Dataset entries:
┏━━

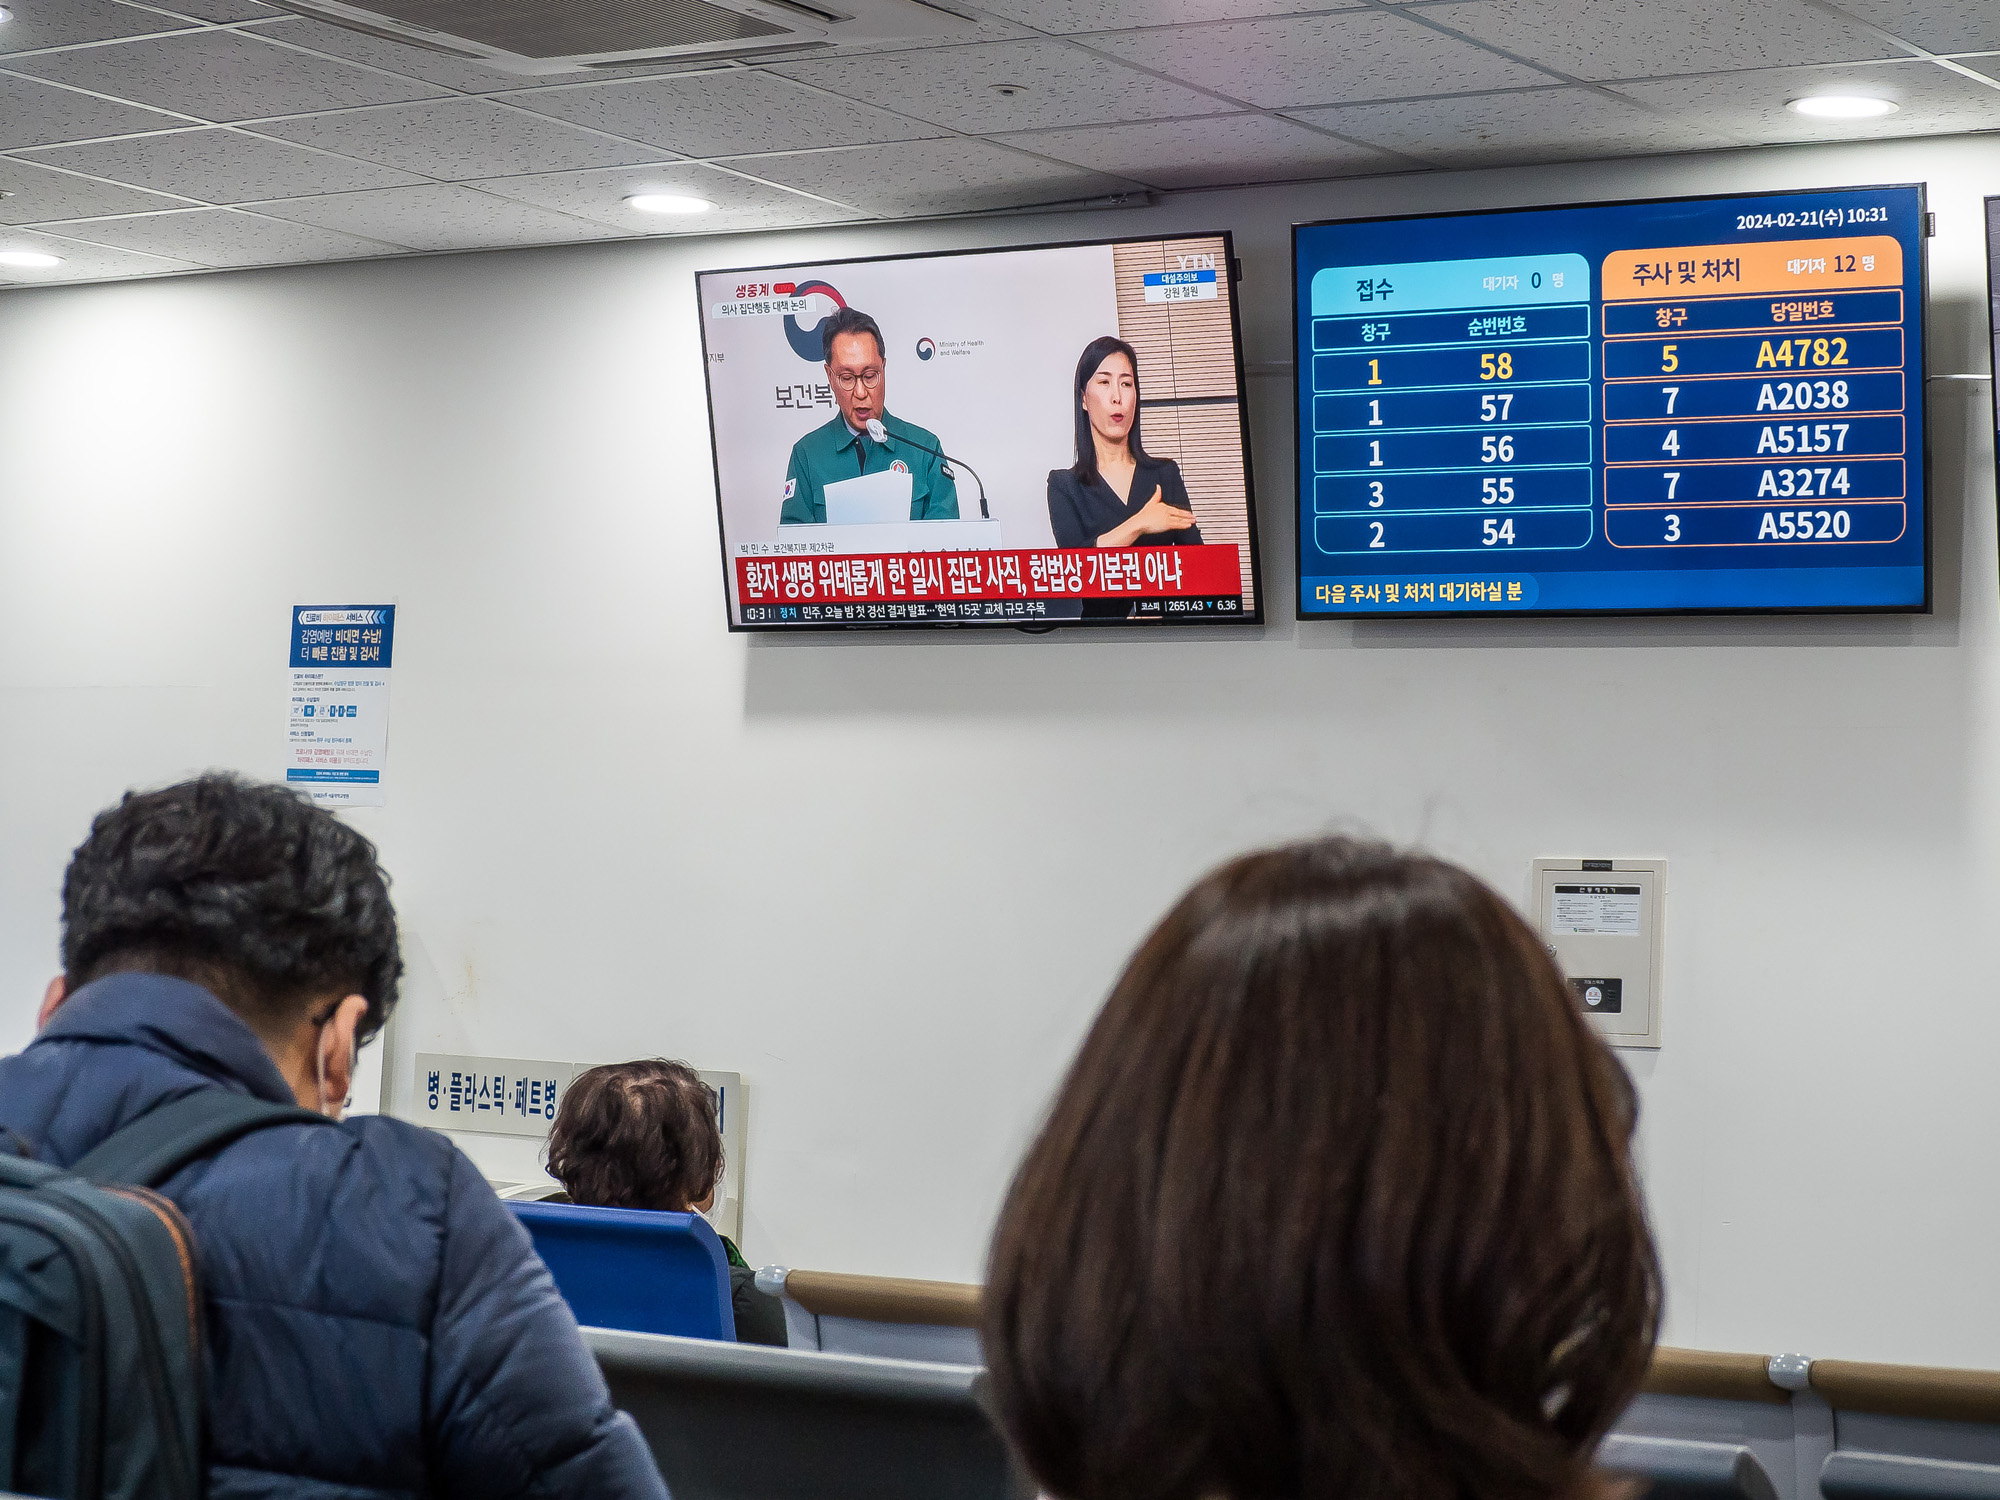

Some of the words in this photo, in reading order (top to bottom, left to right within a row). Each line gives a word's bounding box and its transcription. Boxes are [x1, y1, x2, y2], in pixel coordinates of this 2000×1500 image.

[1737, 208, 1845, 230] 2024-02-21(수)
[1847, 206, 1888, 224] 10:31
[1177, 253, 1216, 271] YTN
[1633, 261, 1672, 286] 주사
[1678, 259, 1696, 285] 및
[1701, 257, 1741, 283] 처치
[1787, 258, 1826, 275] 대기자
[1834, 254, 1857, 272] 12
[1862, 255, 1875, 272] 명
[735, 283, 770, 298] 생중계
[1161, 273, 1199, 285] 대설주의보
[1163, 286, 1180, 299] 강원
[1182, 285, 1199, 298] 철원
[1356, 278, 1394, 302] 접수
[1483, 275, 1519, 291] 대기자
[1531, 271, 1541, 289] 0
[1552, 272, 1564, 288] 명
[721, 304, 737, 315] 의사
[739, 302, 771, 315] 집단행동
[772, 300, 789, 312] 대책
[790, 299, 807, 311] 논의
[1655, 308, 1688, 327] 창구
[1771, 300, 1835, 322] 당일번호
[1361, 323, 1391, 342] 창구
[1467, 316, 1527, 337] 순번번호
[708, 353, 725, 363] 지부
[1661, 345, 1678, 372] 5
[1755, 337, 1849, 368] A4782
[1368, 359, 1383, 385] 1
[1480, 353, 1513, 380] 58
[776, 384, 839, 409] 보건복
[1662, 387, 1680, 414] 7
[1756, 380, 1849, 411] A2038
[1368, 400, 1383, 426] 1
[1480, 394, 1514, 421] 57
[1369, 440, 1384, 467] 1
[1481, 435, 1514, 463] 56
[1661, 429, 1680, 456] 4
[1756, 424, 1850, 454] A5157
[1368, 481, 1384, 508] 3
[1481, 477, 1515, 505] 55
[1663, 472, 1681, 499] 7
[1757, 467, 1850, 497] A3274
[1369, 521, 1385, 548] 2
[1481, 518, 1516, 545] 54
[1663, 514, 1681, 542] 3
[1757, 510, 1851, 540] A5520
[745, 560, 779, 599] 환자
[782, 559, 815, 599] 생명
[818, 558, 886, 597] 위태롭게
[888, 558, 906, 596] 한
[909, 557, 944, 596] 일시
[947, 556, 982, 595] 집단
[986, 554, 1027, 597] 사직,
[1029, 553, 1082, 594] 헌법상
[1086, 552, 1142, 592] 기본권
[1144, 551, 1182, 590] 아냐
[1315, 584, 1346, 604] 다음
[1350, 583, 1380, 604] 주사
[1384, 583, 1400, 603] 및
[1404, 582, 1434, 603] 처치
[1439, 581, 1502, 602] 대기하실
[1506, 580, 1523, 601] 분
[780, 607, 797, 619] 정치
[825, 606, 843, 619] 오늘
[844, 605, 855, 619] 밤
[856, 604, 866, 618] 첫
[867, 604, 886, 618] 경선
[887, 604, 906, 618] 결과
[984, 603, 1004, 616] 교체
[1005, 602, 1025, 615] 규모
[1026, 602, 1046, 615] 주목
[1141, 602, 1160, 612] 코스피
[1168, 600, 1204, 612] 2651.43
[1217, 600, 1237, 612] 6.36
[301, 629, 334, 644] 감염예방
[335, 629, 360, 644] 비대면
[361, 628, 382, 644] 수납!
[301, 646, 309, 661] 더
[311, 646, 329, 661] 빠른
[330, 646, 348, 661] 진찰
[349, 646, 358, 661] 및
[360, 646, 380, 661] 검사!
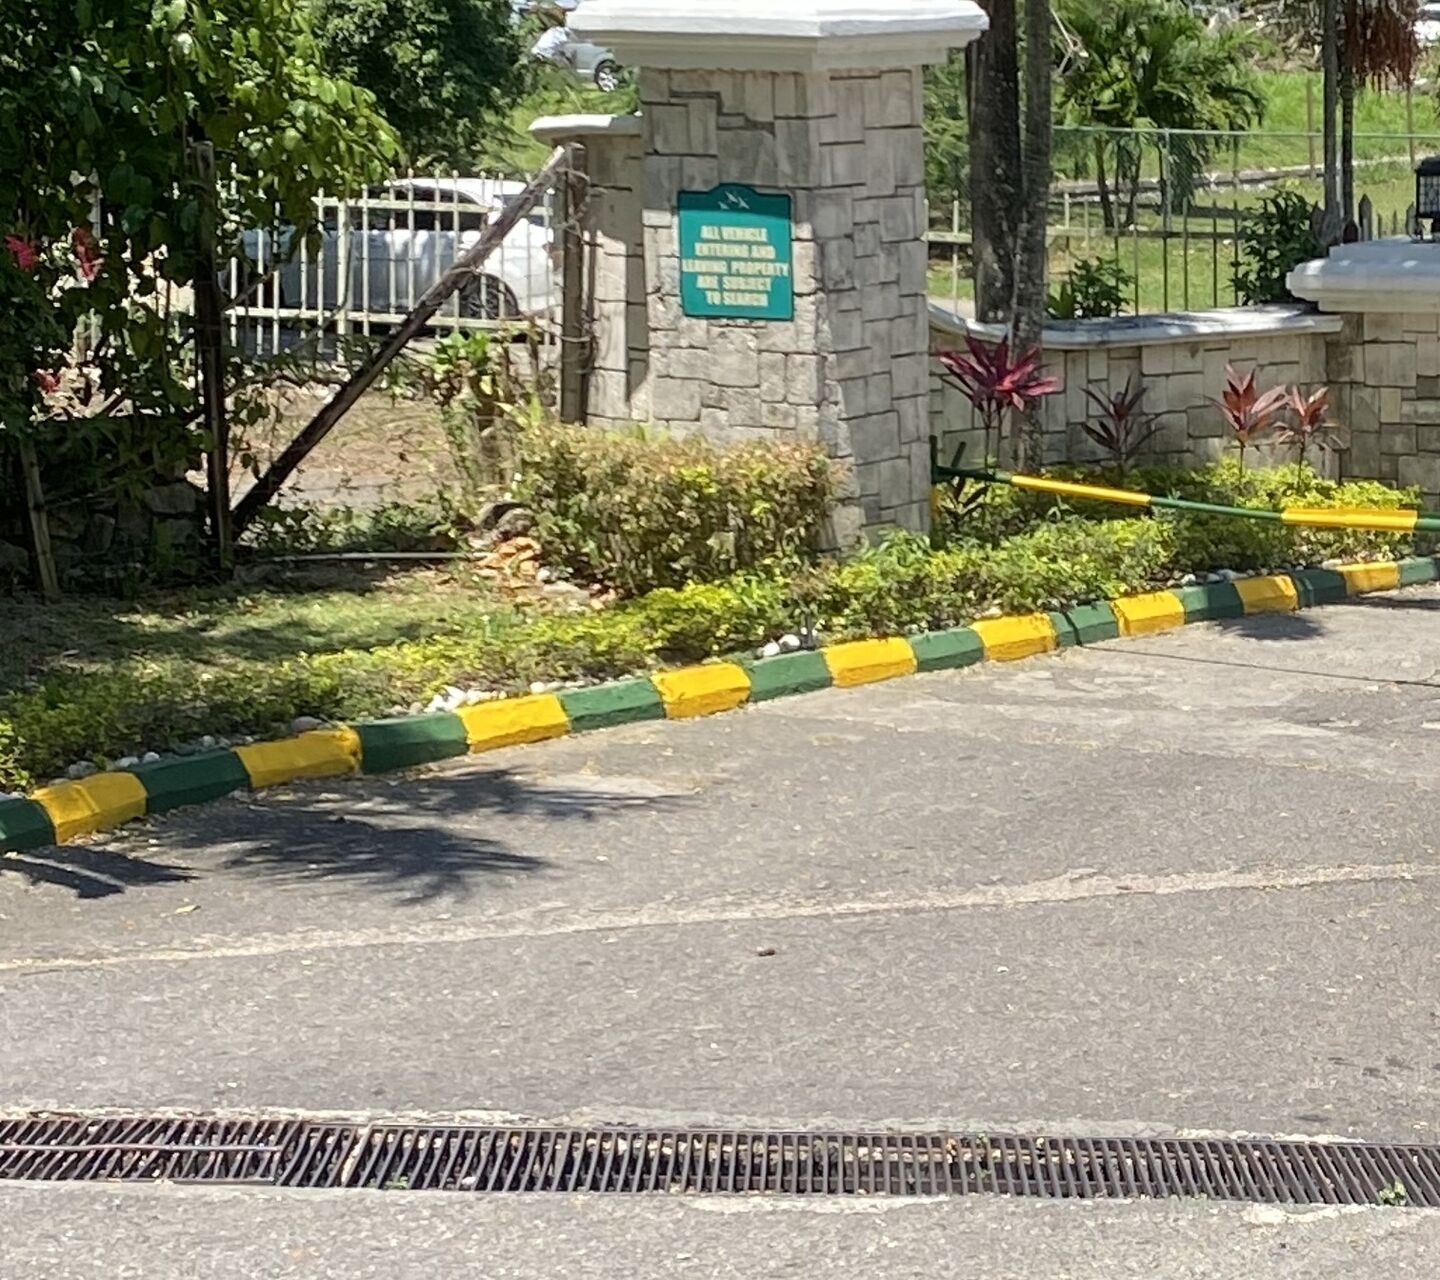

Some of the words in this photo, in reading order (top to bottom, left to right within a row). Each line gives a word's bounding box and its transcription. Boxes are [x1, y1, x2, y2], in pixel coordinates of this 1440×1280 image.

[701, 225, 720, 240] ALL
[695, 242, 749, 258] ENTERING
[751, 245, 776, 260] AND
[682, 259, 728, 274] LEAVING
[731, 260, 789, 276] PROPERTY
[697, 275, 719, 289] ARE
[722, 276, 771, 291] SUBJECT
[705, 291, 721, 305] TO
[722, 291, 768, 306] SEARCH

┗━━

_Work item_: Make an exact copy of the records shown above, without the pictures.

_Answer to this problem_:
Some of the words in this photo, in reading order (top to bottom, left to right within a row). Each line gives a word's bounding box and its transcription. Boxes are [x1, y1, x2, y2], in pixel coordinates of this 2000×1500 image.

[1737, 208, 1845, 230] 2024-02-21(수)
[1847, 206, 1888, 224] 10:31
[1177, 253, 1216, 271] YTN
[1633, 261, 1672, 286] 주사
[1678, 259, 1696, 285] 및
[1701, 257, 1741, 283] 처치
[1787, 258, 1826, 275] 대기자
[1834, 254, 1857, 272] 12
[1862, 255, 1875, 272] 명
[735, 283, 770, 298] 생중계
[1161, 273, 1199, 285] 대설주의보
[1163, 286, 1180, 299] 강원
[1182, 285, 1199, 298] 철원
[1356, 278, 1394, 302] 접수
[1483, 275, 1519, 291] 대기자
[1531, 271, 1541, 289] 0
[1552, 272, 1564, 288] 명
[721, 304, 737, 315] 의사
[739, 302, 771, 315] 집단행동
[772, 300, 789, 312] 대책
[790, 299, 807, 311] 논의
[1655, 308, 1688, 327] 창구
[1771, 300, 1835, 322] 당일번호
[1361, 323, 1391, 342] 창구
[1467, 316, 1527, 337] 순번번호
[708, 353, 725, 363] 지부
[1661, 345, 1678, 372] 5
[1755, 337, 1849, 368] A4782
[1368, 359, 1383, 385] 1
[1480, 353, 1513, 380] 58
[776, 384, 839, 409] 보건복
[1662, 387, 1680, 414] 7
[1756, 380, 1849, 411] A2038
[1368, 400, 1383, 426] 1
[1480, 394, 1514, 421] 57
[1369, 440, 1384, 467] 1
[1481, 435, 1514, 463] 56
[1661, 429, 1680, 456] 4
[1756, 424, 1850, 454] A5157
[1368, 481, 1384, 508] 3
[1481, 477, 1515, 505] 55
[1663, 472, 1681, 499] 7
[1757, 467, 1850, 497] A3274
[1369, 521, 1385, 548] 2
[1481, 518, 1516, 545] 54
[1663, 514, 1681, 542] 3
[1757, 510, 1851, 540] A5520
[745, 560, 779, 599] 환자
[782, 559, 815, 599] 생명
[818, 558, 886, 597] 위태롭게
[888, 558, 906, 596] 한
[909, 557, 944, 596] 일시
[947, 556, 982, 595] 집단
[986, 554, 1027, 597] 사직,
[1029, 553, 1082, 594] 헌법상
[1086, 552, 1142, 592] 기본권
[1144, 551, 1182, 590] 아냐
[1315, 584, 1346, 604] 다음
[1350, 583, 1380, 604] 주사
[1384, 583, 1400, 603] 및
[1404, 582, 1434, 603] 처치
[1439, 581, 1502, 602] 대기하실
[1506, 580, 1523, 601] 분
[780, 607, 797, 619] 정치
[825, 606, 843, 619] 오늘
[844, 605, 855, 619] 밤
[856, 604, 866, 618] 첫
[867, 604, 886, 618] 경선
[887, 604, 906, 618] 결과
[984, 603, 1004, 616] 교체
[1005, 602, 1025, 615] 규모
[1026, 602, 1046, 615] 주목
[1141, 602, 1160, 612] 코스피
[1168, 600, 1204, 612] 2651.43
[1217, 600, 1237, 612] 6.36
[301, 629, 334, 644] 감염예방
[335, 629, 360, 644] 비대면
[361, 628, 382, 644] 수납!
[301, 646, 309, 661] 더
[311, 646, 329, 661] 빠른
[330, 646, 348, 661] 진찰
[349, 646, 358, 661] 및
[360, 646, 380, 661] 검사!

Some of the words in this photo, in reading order (top to bottom, left to right within a row). Each line gives a word's bounding box and its transcription. Boxes are [x1, y1, x2, y2], in pixel coordinates of this 1440×1280 image.

[701, 225, 720, 240] ALL
[695, 242, 749, 258] ENTERING
[751, 245, 776, 260] AND
[682, 259, 728, 274] LEAVING
[731, 260, 789, 276] PROPERTY
[697, 275, 719, 289] ARE
[722, 276, 771, 291] SUBJECT
[705, 291, 721, 305] TO
[722, 291, 768, 306] SEARCH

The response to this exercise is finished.